Could you print all the entries below exactly as they appear, omitting the pictures?

##### Data for processing

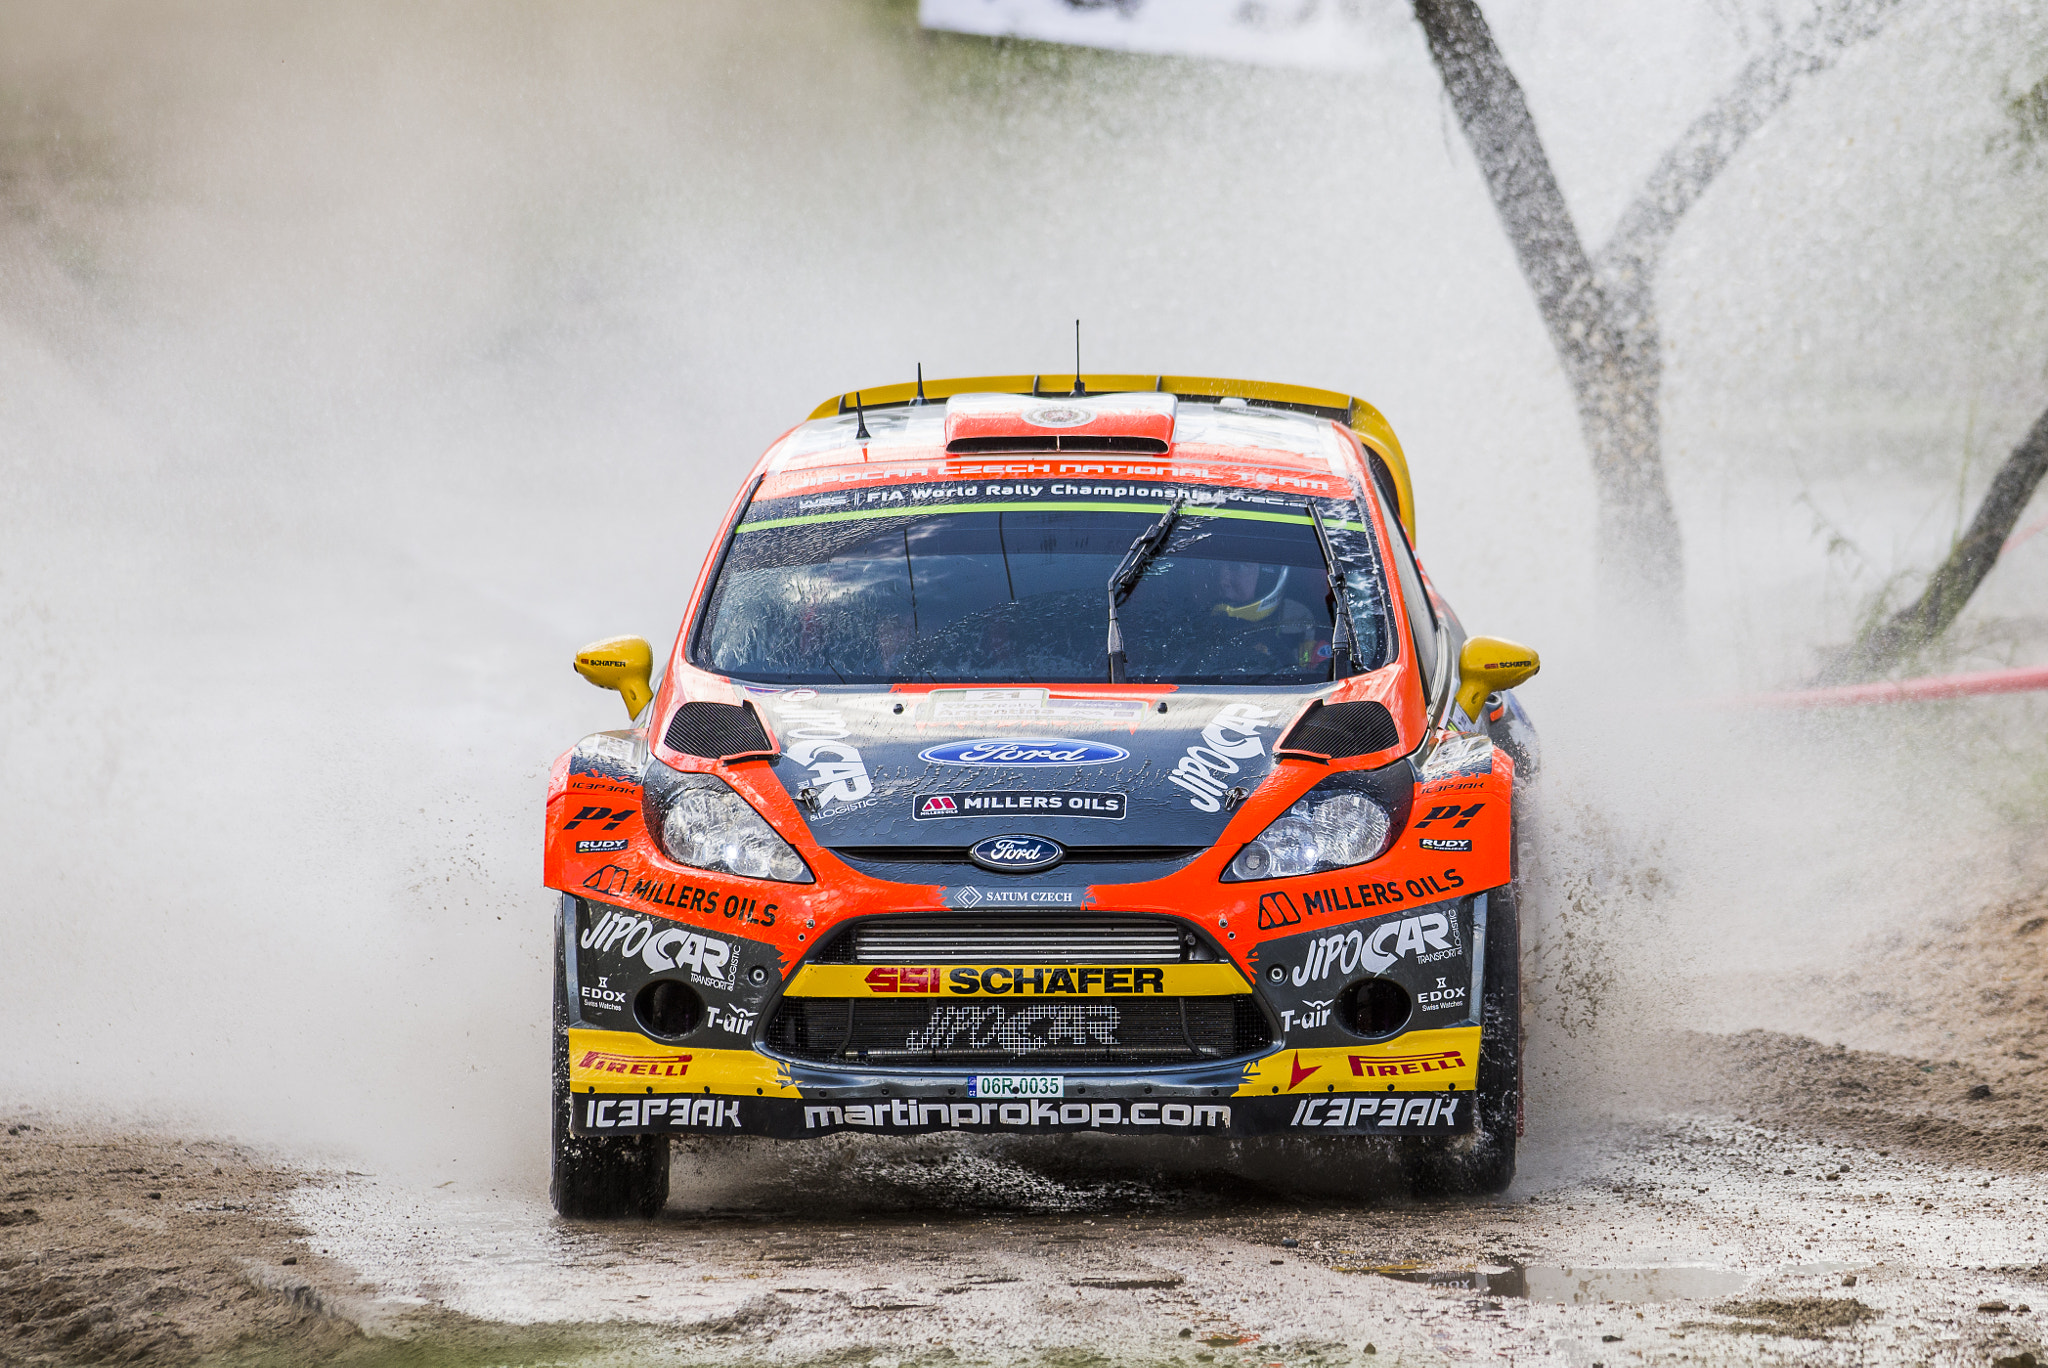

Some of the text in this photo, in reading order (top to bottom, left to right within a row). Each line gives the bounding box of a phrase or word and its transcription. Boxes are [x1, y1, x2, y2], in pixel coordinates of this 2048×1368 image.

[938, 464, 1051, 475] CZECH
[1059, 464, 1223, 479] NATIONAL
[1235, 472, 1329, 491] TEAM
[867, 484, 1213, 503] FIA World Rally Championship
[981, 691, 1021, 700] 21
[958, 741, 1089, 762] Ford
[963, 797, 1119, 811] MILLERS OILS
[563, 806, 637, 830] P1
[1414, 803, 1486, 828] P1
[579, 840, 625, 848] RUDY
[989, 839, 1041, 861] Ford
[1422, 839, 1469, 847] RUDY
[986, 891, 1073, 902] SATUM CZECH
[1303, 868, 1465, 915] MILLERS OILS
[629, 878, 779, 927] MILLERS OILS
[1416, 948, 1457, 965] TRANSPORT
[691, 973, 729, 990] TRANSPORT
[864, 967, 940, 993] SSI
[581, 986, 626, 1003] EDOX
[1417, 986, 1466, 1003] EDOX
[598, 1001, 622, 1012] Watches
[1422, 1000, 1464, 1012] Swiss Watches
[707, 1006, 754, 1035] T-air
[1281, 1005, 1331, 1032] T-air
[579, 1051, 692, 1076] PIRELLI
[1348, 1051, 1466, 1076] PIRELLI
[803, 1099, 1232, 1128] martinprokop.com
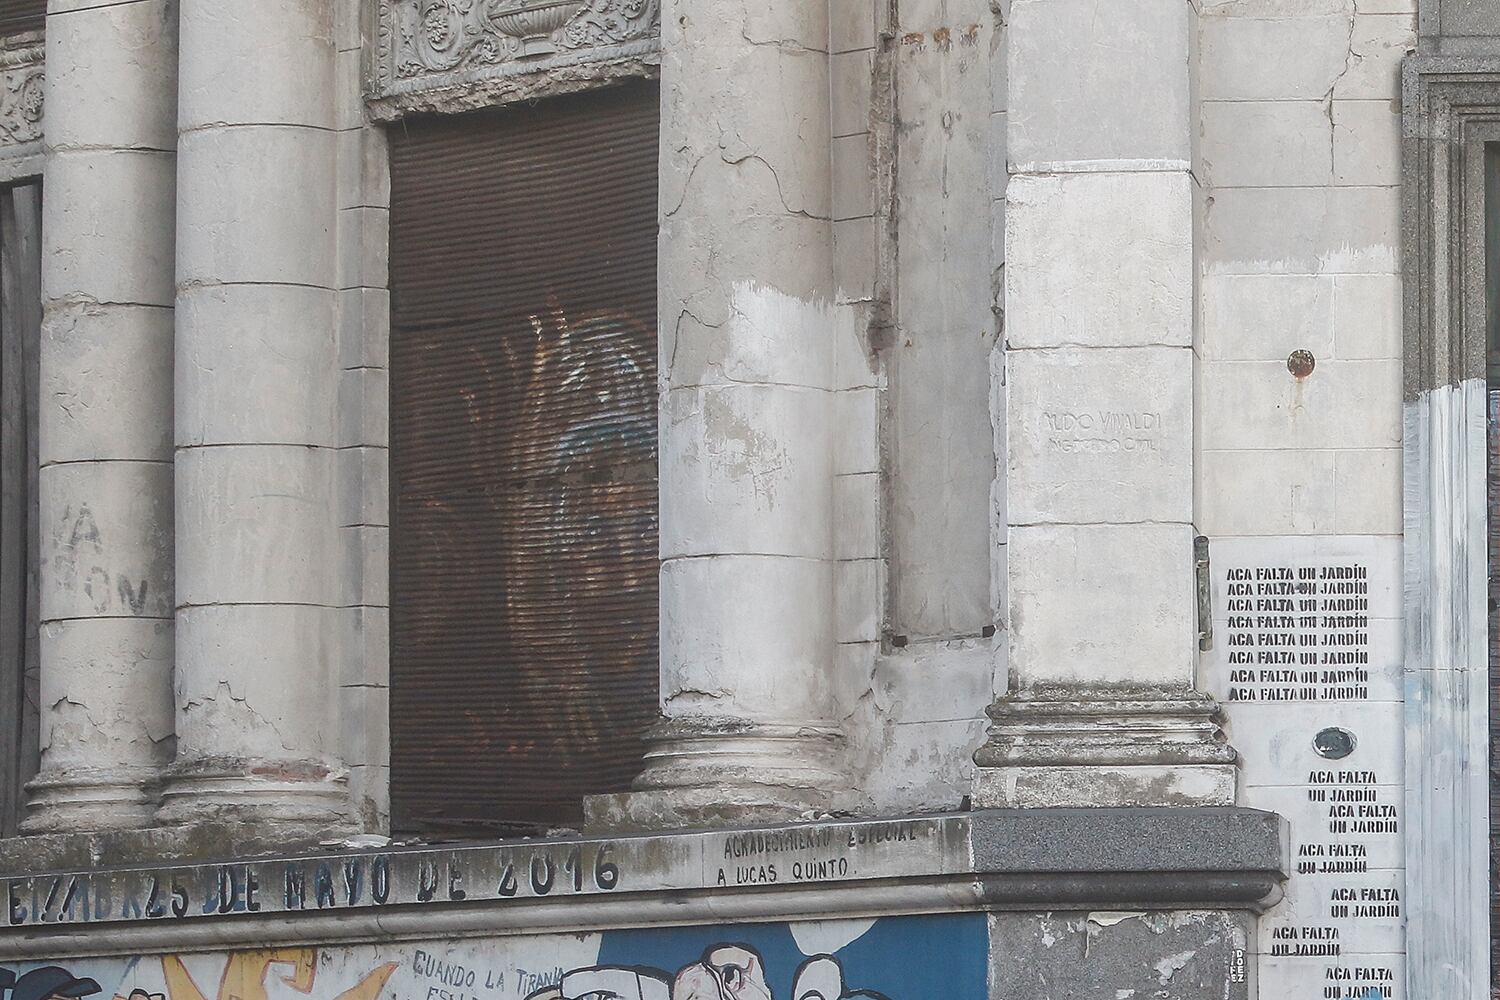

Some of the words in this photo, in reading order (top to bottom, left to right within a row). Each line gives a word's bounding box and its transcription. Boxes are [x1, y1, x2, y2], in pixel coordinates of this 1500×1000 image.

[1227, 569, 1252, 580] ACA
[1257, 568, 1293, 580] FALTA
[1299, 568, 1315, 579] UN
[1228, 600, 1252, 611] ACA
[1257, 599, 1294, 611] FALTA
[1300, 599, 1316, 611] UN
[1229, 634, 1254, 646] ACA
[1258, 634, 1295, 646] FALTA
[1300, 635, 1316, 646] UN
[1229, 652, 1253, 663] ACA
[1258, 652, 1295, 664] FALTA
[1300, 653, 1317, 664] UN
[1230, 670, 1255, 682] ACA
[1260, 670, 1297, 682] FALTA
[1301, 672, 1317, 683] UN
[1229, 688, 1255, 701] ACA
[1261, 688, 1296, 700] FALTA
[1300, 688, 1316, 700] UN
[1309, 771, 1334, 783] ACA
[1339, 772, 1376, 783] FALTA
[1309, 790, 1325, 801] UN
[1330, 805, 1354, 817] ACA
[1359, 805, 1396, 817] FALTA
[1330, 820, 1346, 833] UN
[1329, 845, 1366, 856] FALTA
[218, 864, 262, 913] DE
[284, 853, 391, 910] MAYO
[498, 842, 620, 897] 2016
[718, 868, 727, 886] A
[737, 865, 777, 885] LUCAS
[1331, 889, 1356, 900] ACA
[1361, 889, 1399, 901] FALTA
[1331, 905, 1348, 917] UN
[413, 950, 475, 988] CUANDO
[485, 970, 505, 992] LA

##########

§ Answer section
Some of the text in this photo, in reading order (top to bottom, left to right within a row). Each line gives the bounding box of a phrase or word and its transcription. Boxes are [x1, y1, x2, y2], in pixel coordinates of this 2048×1368 image.

[938, 464, 1051, 475] CZECH
[1059, 464, 1223, 479] NATIONAL
[1235, 472, 1329, 491] TEAM
[867, 484, 1213, 503] FIA World Rally Championship
[981, 691, 1021, 700] 21
[958, 741, 1089, 762] Ford
[963, 797, 1119, 811] MILLERS OILS
[563, 806, 637, 830] P1
[1414, 803, 1486, 828] P1
[579, 840, 625, 848] RUDY
[989, 839, 1041, 861] Ford
[1422, 839, 1469, 847] RUDY
[986, 891, 1073, 902] SATUM CZECH
[1303, 868, 1465, 915] MILLERS OILS
[629, 878, 779, 927] MILLERS OILS
[1416, 948, 1457, 965] TRANSPORT
[691, 973, 729, 990] TRANSPORT
[864, 967, 940, 993] SSI
[581, 986, 626, 1003] EDOX
[1417, 986, 1466, 1003] EDOX
[598, 1001, 622, 1012] Watches
[1422, 1000, 1464, 1012] Swiss Watches
[707, 1006, 754, 1035] T-air
[1281, 1005, 1331, 1032] T-air
[579, 1051, 692, 1076] PIRELLI
[1348, 1051, 1466, 1076] PIRELLI
[803, 1099, 1232, 1128] martinprokop.com

Some of the words in this photo, in reading order (top to bottom, left to right within a row). Each line gives a word's bounding box and its transcription. Boxes are [x1, y1, x2, y2], in pixel coordinates of this 1500×1000 image.

[1227, 569, 1252, 580] ACA
[1257, 568, 1293, 580] FALTA
[1299, 568, 1315, 579] UN
[1228, 600, 1252, 611] ACA
[1257, 599, 1294, 611] FALTA
[1300, 599, 1316, 611] UN
[1229, 634, 1254, 646] ACA
[1258, 634, 1295, 646] FALTA
[1300, 635, 1316, 646] UN
[1229, 652, 1253, 663] ACA
[1258, 652, 1295, 664] FALTA
[1300, 653, 1317, 664] UN
[1230, 670, 1255, 682] ACA
[1260, 670, 1297, 682] FALTA
[1301, 672, 1317, 683] UN
[1229, 688, 1255, 701] ACA
[1261, 688, 1296, 700] FALTA
[1300, 688, 1316, 700] UN
[1309, 771, 1334, 783] ACA
[1339, 772, 1376, 783] FALTA
[1309, 790, 1325, 801] UN
[1330, 805, 1354, 817] ACA
[1359, 805, 1396, 817] FALTA
[1330, 820, 1346, 833] UN
[1329, 845, 1366, 856] FALTA
[218, 864, 262, 913] DE
[284, 853, 391, 910] MAYO
[498, 842, 620, 897] 2016
[718, 868, 727, 886] A
[737, 865, 777, 885] LUCAS
[1331, 889, 1356, 900] ACA
[1361, 889, 1399, 901] FALTA
[1331, 905, 1348, 917] UN
[413, 950, 475, 988] CUANDO
[485, 970, 505, 992] LA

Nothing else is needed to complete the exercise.